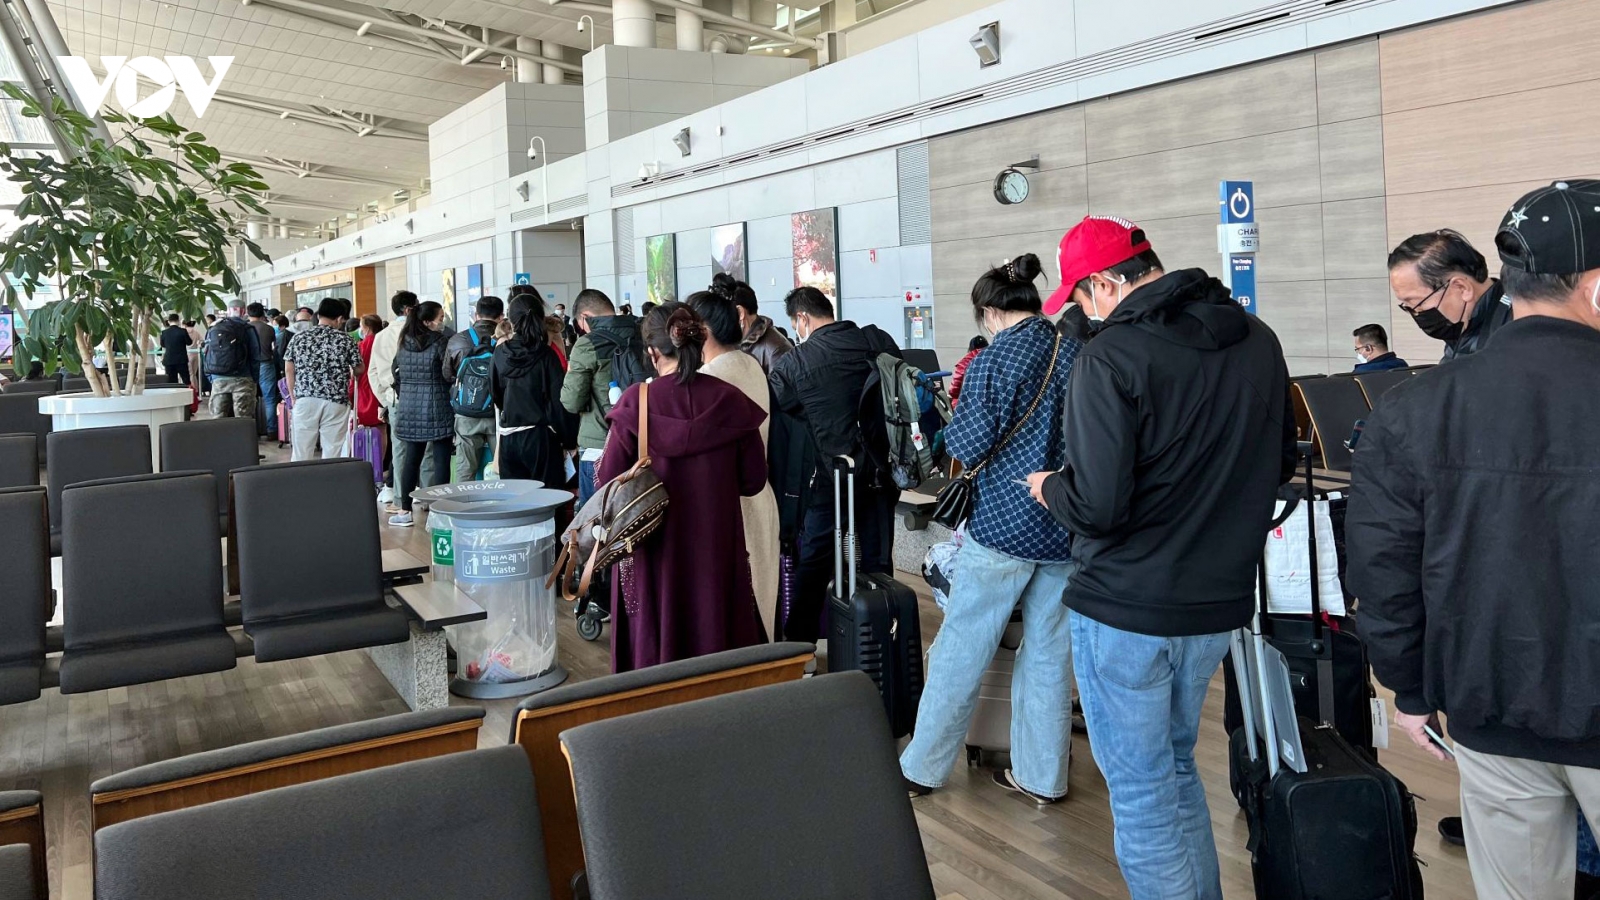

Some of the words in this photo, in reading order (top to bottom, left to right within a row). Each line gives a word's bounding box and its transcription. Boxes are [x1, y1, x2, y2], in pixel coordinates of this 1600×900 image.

[457, 481, 505, 492] Recycle
[482, 552, 525, 566] 일반쓰레기
[491, 566, 516, 575] Waste
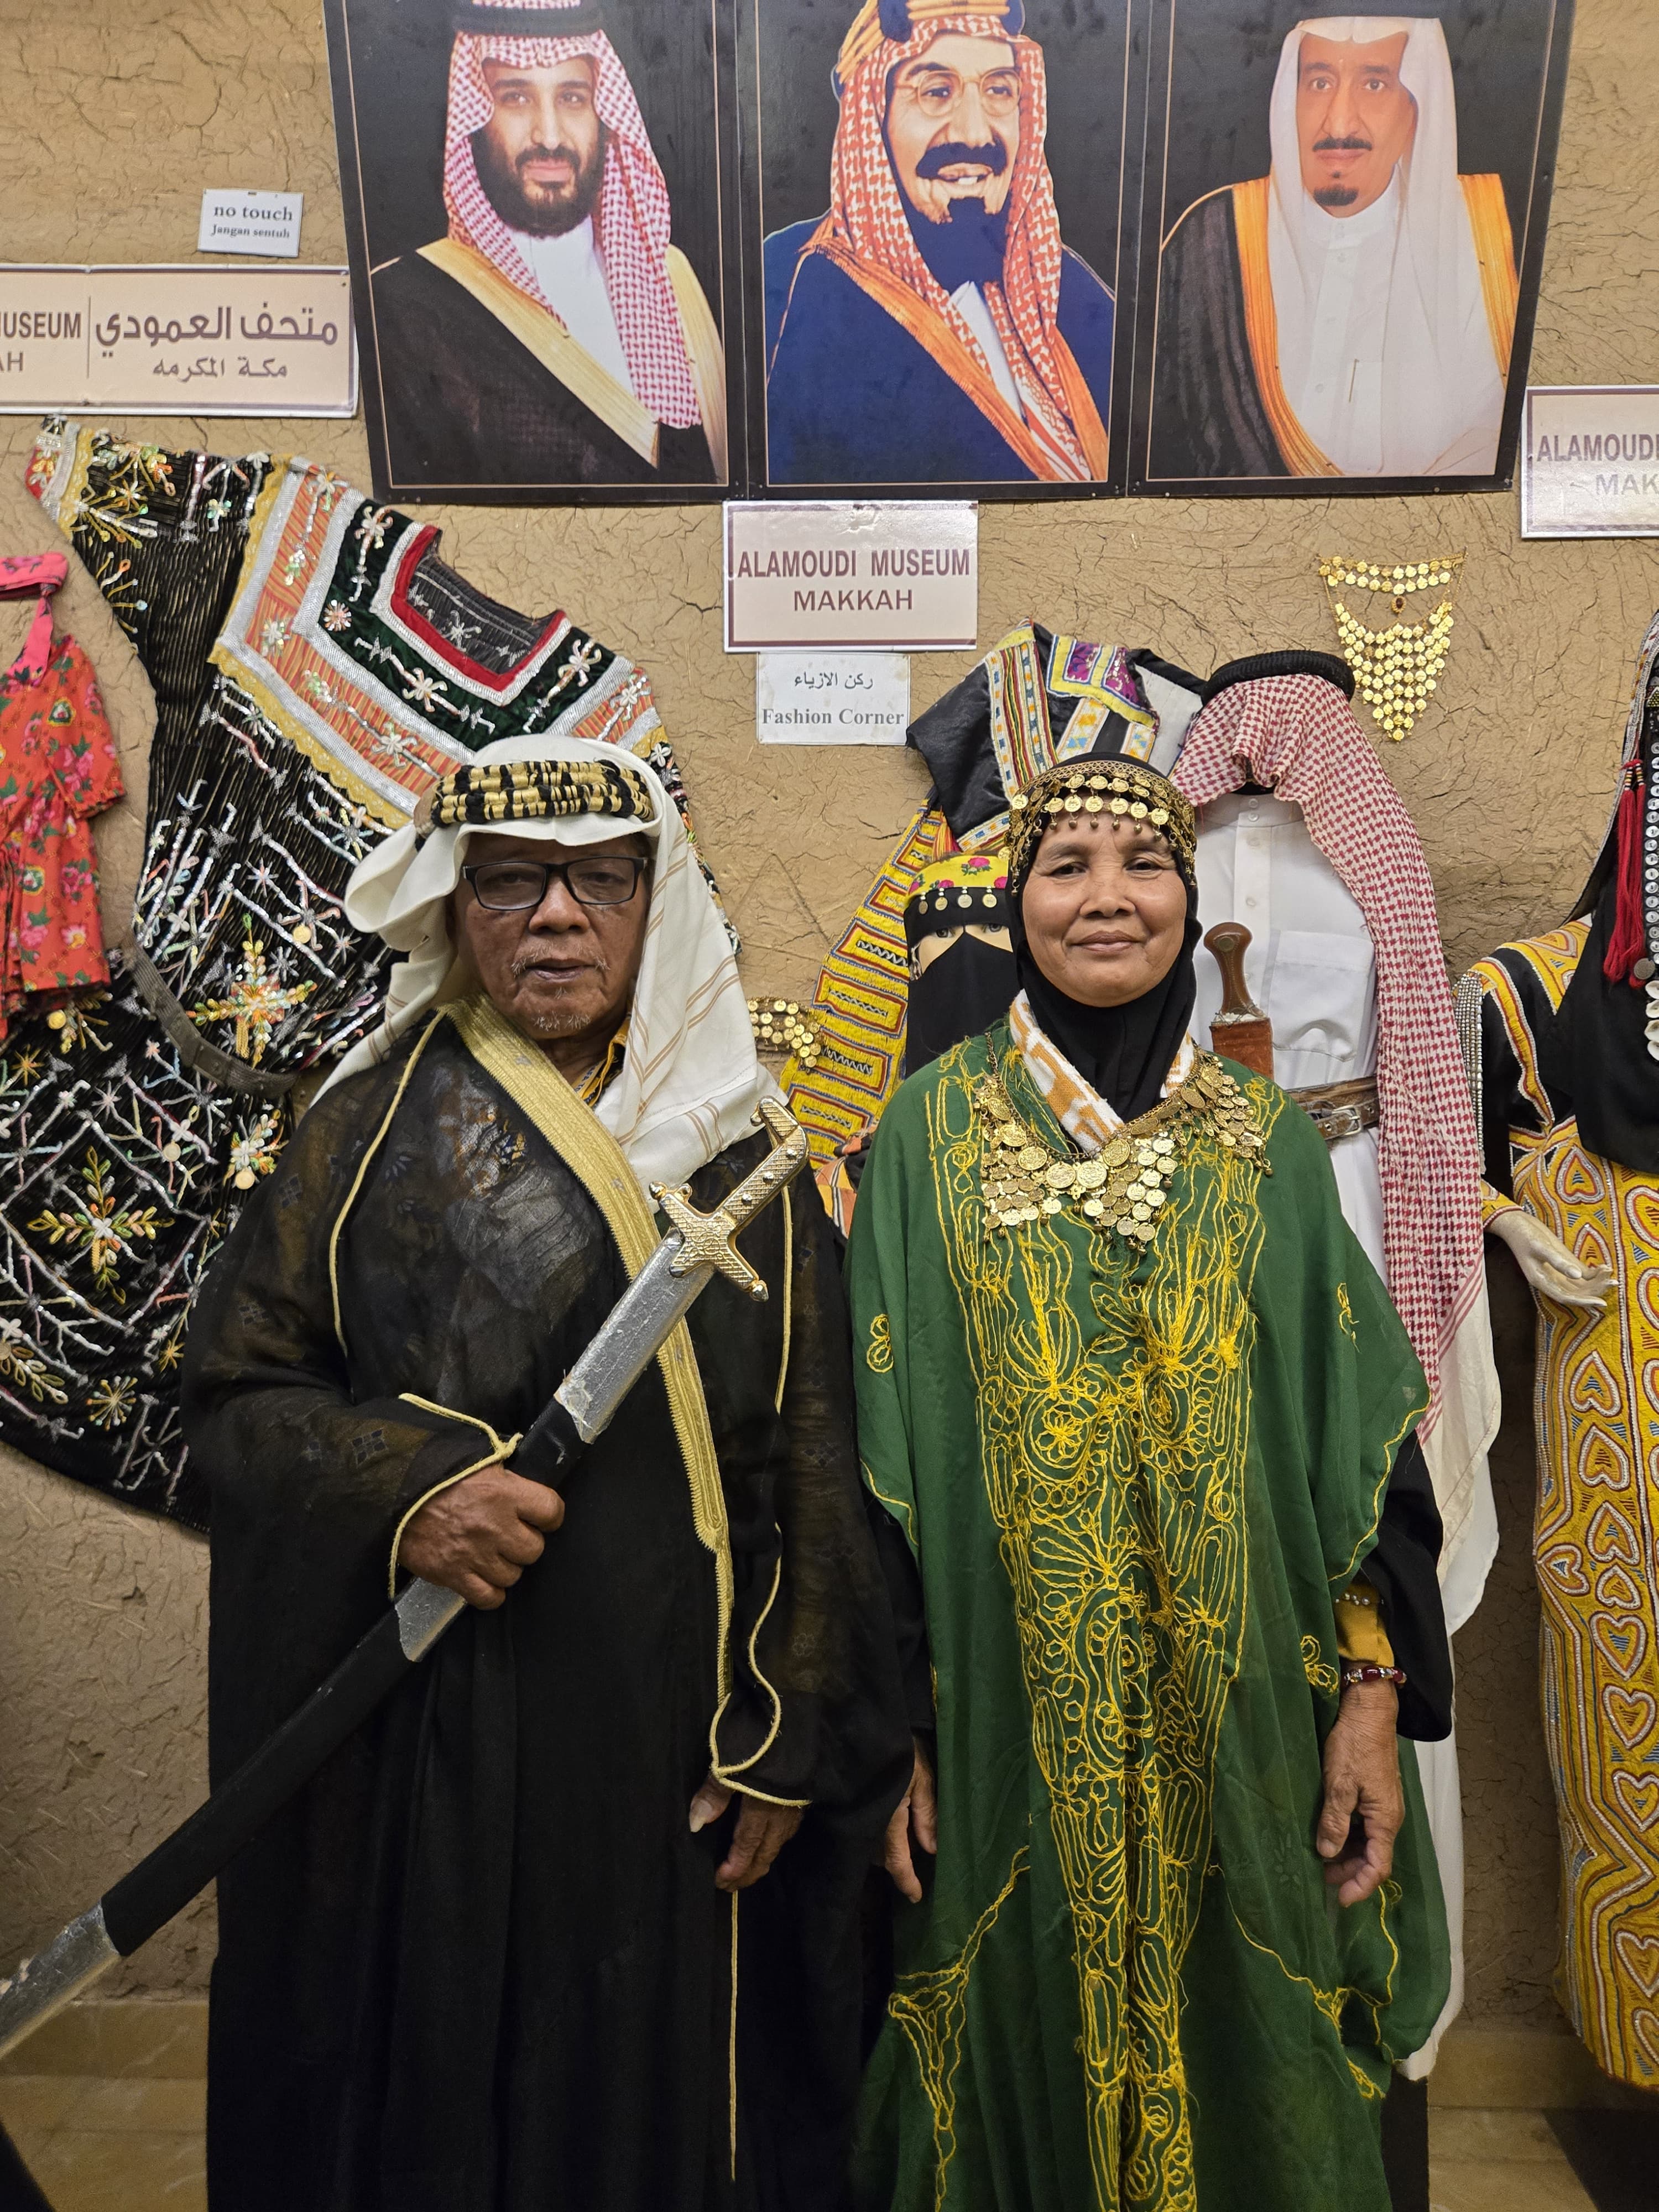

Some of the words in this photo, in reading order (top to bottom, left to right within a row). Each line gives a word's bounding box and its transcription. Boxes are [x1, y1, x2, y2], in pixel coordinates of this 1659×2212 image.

[214, 206, 236, 217] no
[243, 205, 293, 221] touch
[211, 224, 250, 238] Jangan
[253, 228, 290, 238] sentuh
[0, 311, 81, 340] USEUM
[96, 306, 231, 357] العمودي
[241, 302, 338, 345] متحف
[238, 356, 288, 377] مكة
[738, 550, 857, 578] ALAMOUDI
[871, 549, 970, 576] MUSEUM
[794, 589, 913, 611] MAKKAH
[844, 672, 873, 690] ركن
[761, 708, 832, 724] Fashion
[839, 708, 905, 725] Corner
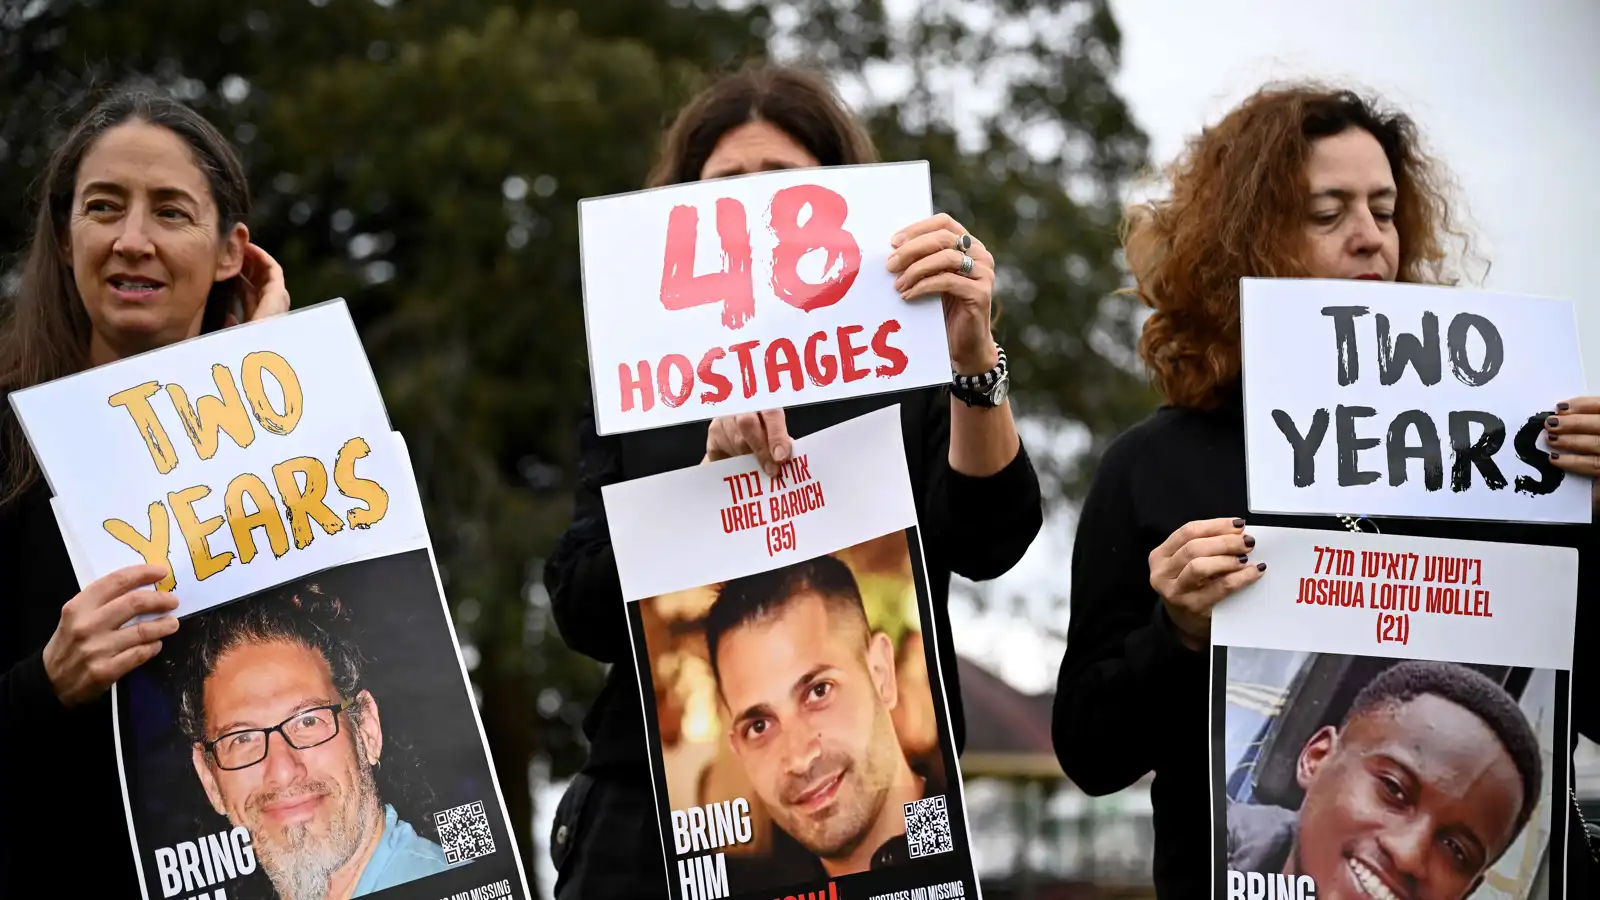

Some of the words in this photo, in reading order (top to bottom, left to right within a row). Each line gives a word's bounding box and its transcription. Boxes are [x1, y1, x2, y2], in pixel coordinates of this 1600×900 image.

[659, 184, 863, 330] 48
[618, 319, 909, 413] HOSTAGES
[1321, 305, 1504, 387] TWO
[108, 350, 303, 474] TWO
[1271, 404, 1566, 498] YEARS
[720, 500, 767, 534] URIEL
[769, 481, 825, 523] BARUCH
[723, 470, 764, 504] ברוך
[103, 437, 389, 593] YEARS
[766, 521, 797, 557] (35)
[1313, 545, 1355, 577] מולל
[1360, 550, 1419, 581] לואיטו
[1296, 578, 1365, 609] JOSHUA
[1370, 583, 1421, 612] LOITU
[1426, 587, 1493, 618] MOLLEL
[1376, 612, 1410, 645] (21)
[671, 797, 752, 855] BRING
[155, 826, 257, 899] BRING
[677, 852, 730, 900] HIM
[470, 879, 511, 900] MISSING
[928, 880, 965, 900] MISSING
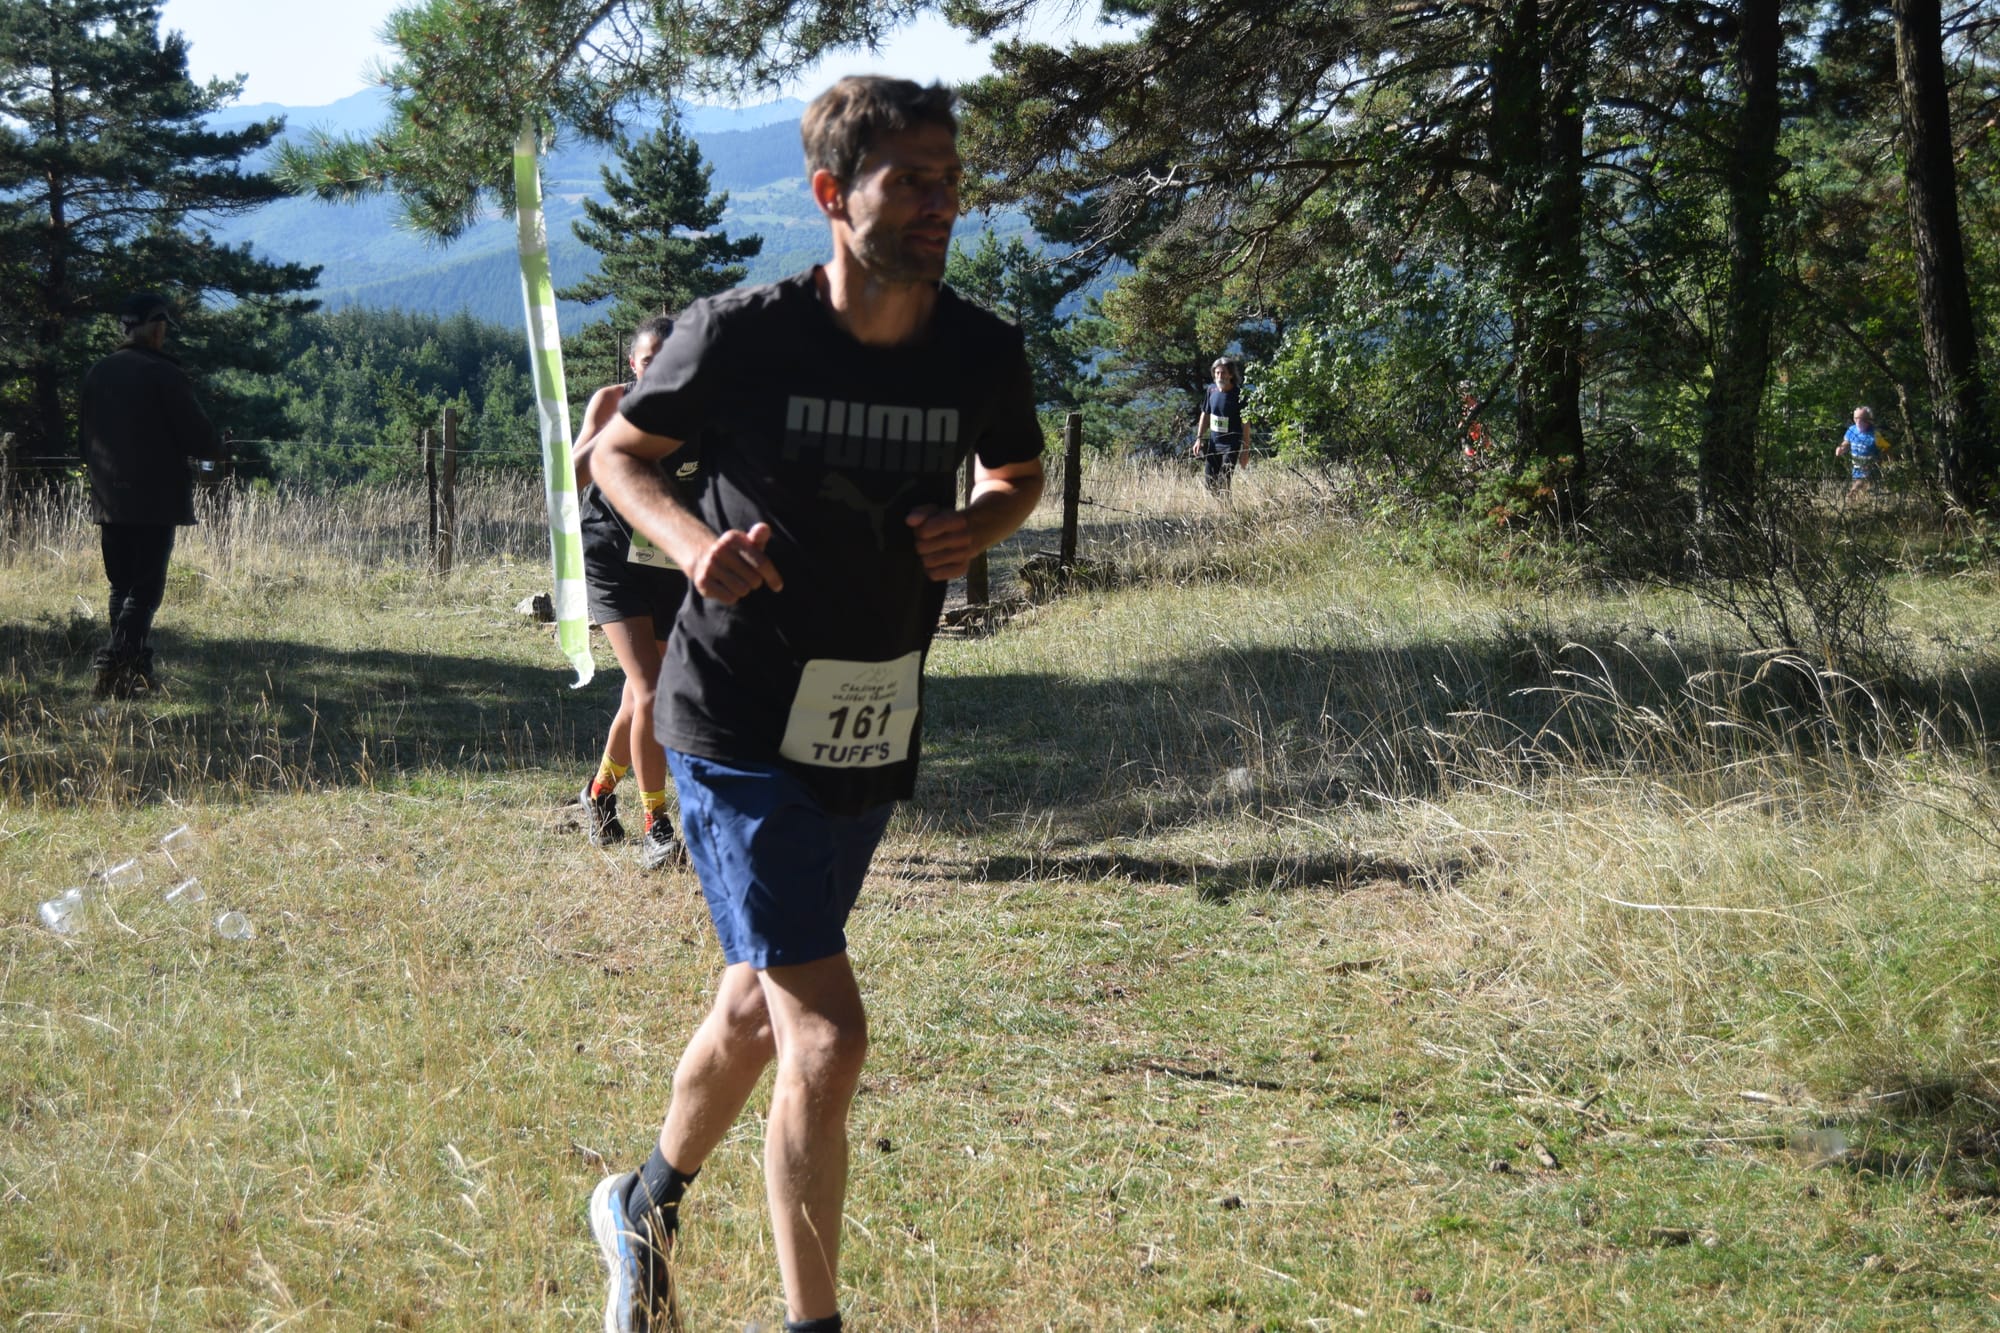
--------
__What is required__
Send back the data above word for word, with the pictures left out.

__Answer for the task__
Some of the words in this photo, in reading order (top to bottom, left to right within a row). Each line gives a word's bounding box and its transcription. Boxes are [x1, y1, x2, y2], in pixel coordinates of this 1600×900 image.

[457, 481, 505, 492] Recycle
[482, 552, 525, 566] 일반쓰레기
[491, 566, 516, 575] Waste

Some of the words in this photo, in reading order (top to bottom, left to right within a row). Each line gives a word's bounding box and its transcription. Boxes are [x1, y1, x2, y2], in pixel coordinates of this 1659×2212 image.

[214, 206, 236, 217] no
[243, 205, 293, 221] touch
[211, 224, 250, 238] Jangan
[253, 228, 290, 238] sentuh
[0, 311, 81, 340] USEUM
[96, 306, 231, 357] العمودي
[241, 302, 338, 345] متحف
[238, 356, 288, 377] مكة
[738, 550, 857, 578] ALAMOUDI
[871, 549, 970, 576] MUSEUM
[794, 589, 913, 611] MAKKAH
[844, 672, 873, 690] ركن
[761, 708, 832, 724] Fashion
[839, 708, 905, 725] Corner

Some of the words in this photo, in reading order (top to bottom, left to right within a row). Each line gives a word's bounding box and its transcription. Boxes are [x1, y1, x2, y2], in pixel coordinates of this 1600×900 image.

[659, 184, 863, 330] 48
[618, 319, 909, 413] HOSTAGES
[1321, 305, 1504, 387] TWO
[108, 350, 303, 474] TWO
[1271, 404, 1566, 498] YEARS
[720, 500, 767, 534] URIEL
[769, 481, 825, 523] BARUCH
[723, 470, 764, 504] ברוך
[103, 437, 389, 593] YEARS
[766, 521, 797, 557] (35)
[1313, 545, 1355, 577] מולל
[1360, 550, 1419, 581] לואיטו
[1296, 578, 1365, 609] JOSHUA
[1370, 583, 1421, 612] LOITU
[1426, 587, 1493, 618] MOLLEL
[1376, 612, 1410, 645] (21)
[671, 797, 752, 855] BRING
[155, 826, 257, 899] BRING
[677, 852, 730, 900] HIM
[470, 879, 511, 900] MISSING
[928, 880, 965, 900] MISSING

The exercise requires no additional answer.